The records:

*** Block opens ***

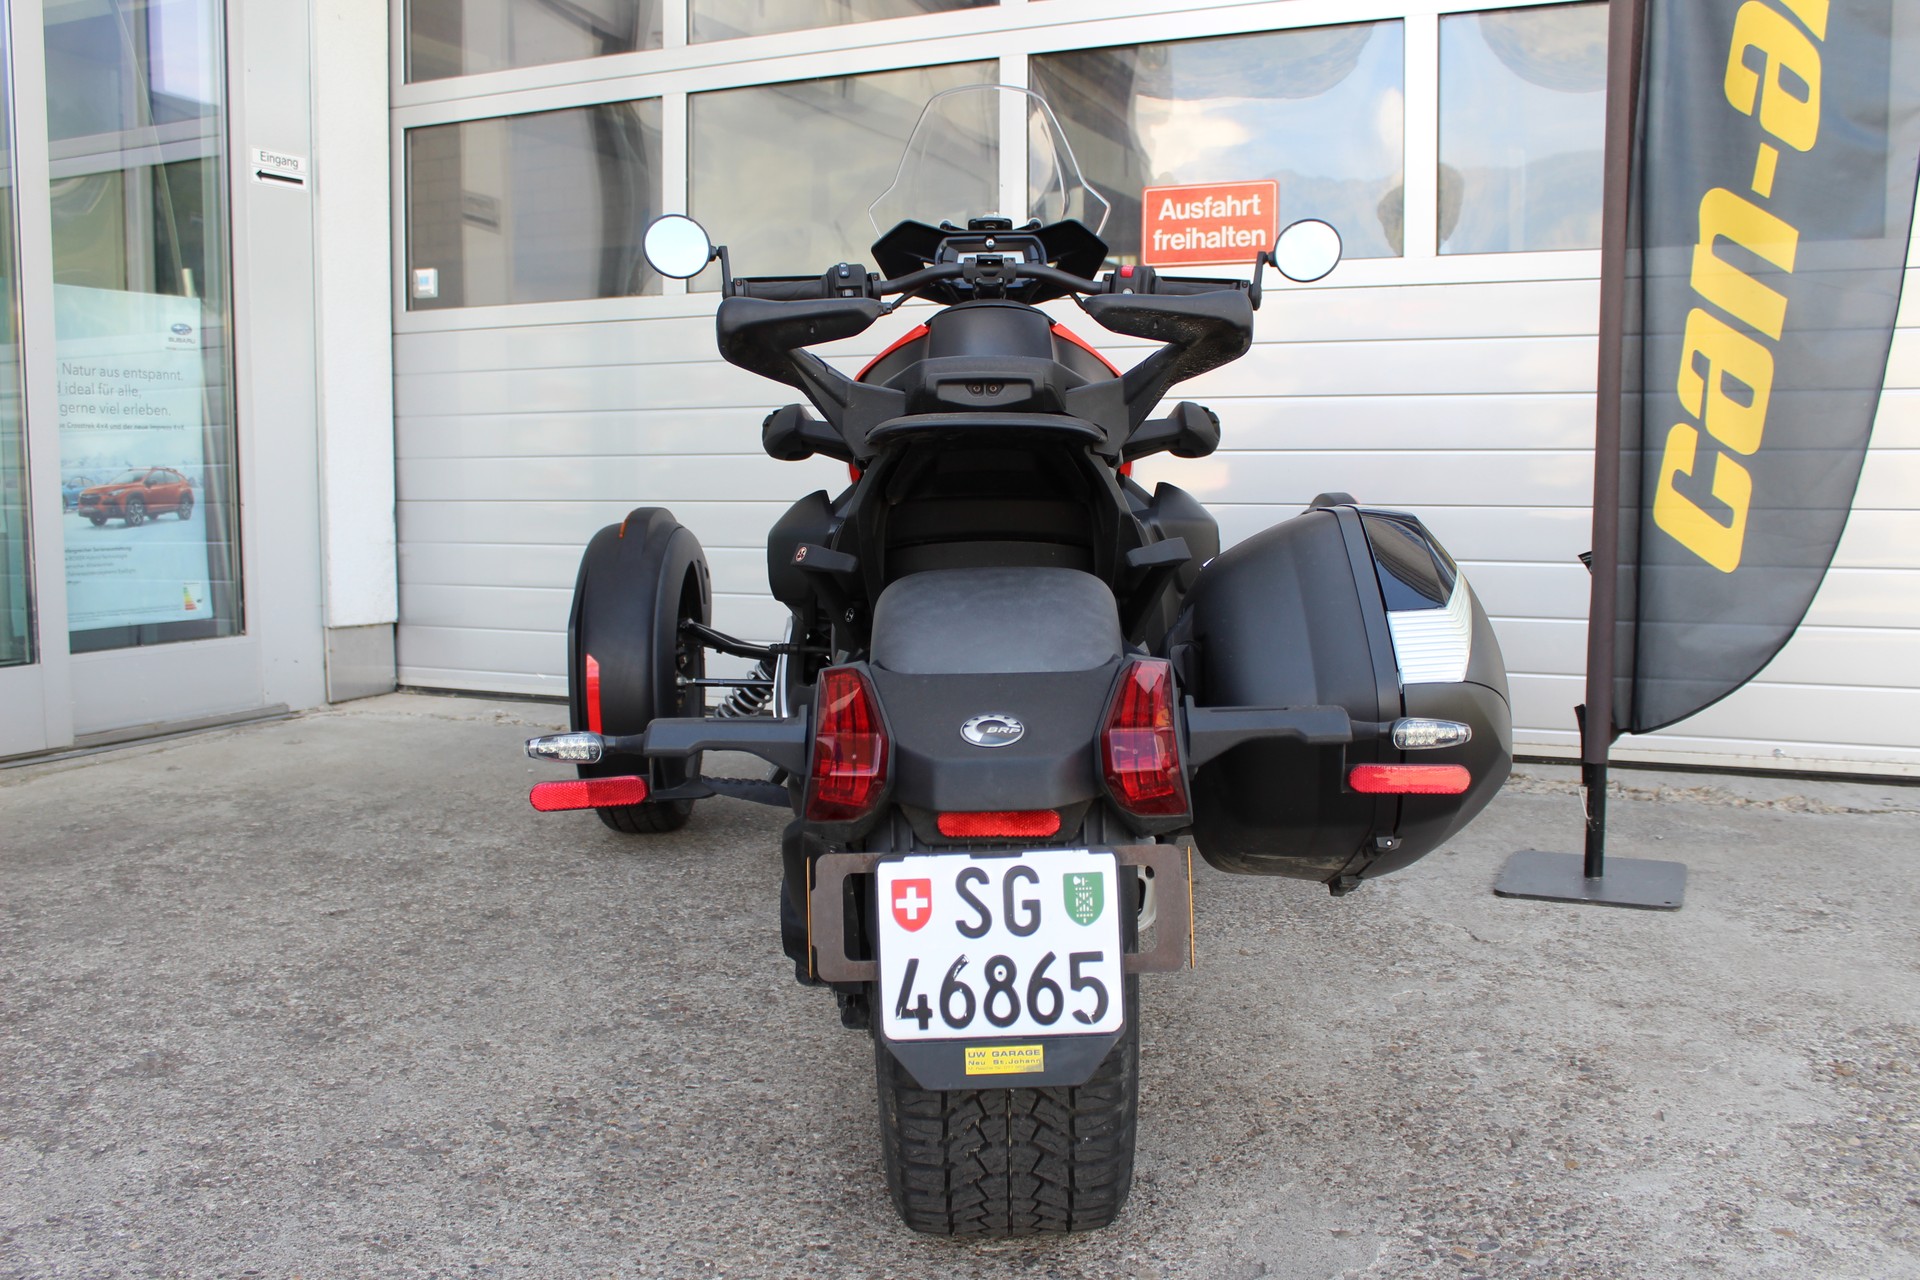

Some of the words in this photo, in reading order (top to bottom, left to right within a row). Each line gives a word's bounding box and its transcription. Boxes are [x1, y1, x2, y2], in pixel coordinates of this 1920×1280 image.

[260, 150, 299, 170] Eingang
[1158, 194, 1261, 221] Ausfahrt
[1153, 225, 1266, 251] freihalten
[1653, 0, 1830, 573] can-a
[62, 362, 97, 377] Natur
[100, 367, 120, 378] aus
[122, 368, 183, 382] entspannt.
[65, 381, 95, 395] ideal
[98, 382, 115, 396] für
[117, 383, 142, 399] alle,
[59, 403, 96, 417] gerne
[99, 402, 120, 415] viel
[122, 403, 172, 416] erleben.
[986, 726, 1021, 734] BRP
[955, 865, 1041, 939] SG
[895, 951, 1109, 1031] 46865

*** Block closes ***

Work to complete: Exact transcription of the full listing above is required; images do not belong in it.

Answer section:
Some of the words in this photo, in reading order (top to bottom, left to right within a row). Each line gives a word's bounding box and its transcription. Boxes are [x1, y1, x2, y2], in pixel coordinates of this 1920×1280 image.

[260, 150, 299, 170] Eingang
[1158, 194, 1261, 221] Ausfahrt
[1153, 225, 1266, 251] freihalten
[1653, 0, 1830, 573] can-a
[62, 362, 97, 377] Natur
[100, 367, 120, 378] aus
[122, 368, 183, 382] entspannt.
[65, 381, 95, 395] ideal
[98, 382, 115, 396] für
[117, 383, 142, 399] alle,
[59, 403, 96, 417] gerne
[99, 402, 120, 415] viel
[122, 403, 172, 416] erleben.
[986, 726, 1021, 734] BRP
[955, 865, 1041, 939] SG
[895, 951, 1109, 1031] 46865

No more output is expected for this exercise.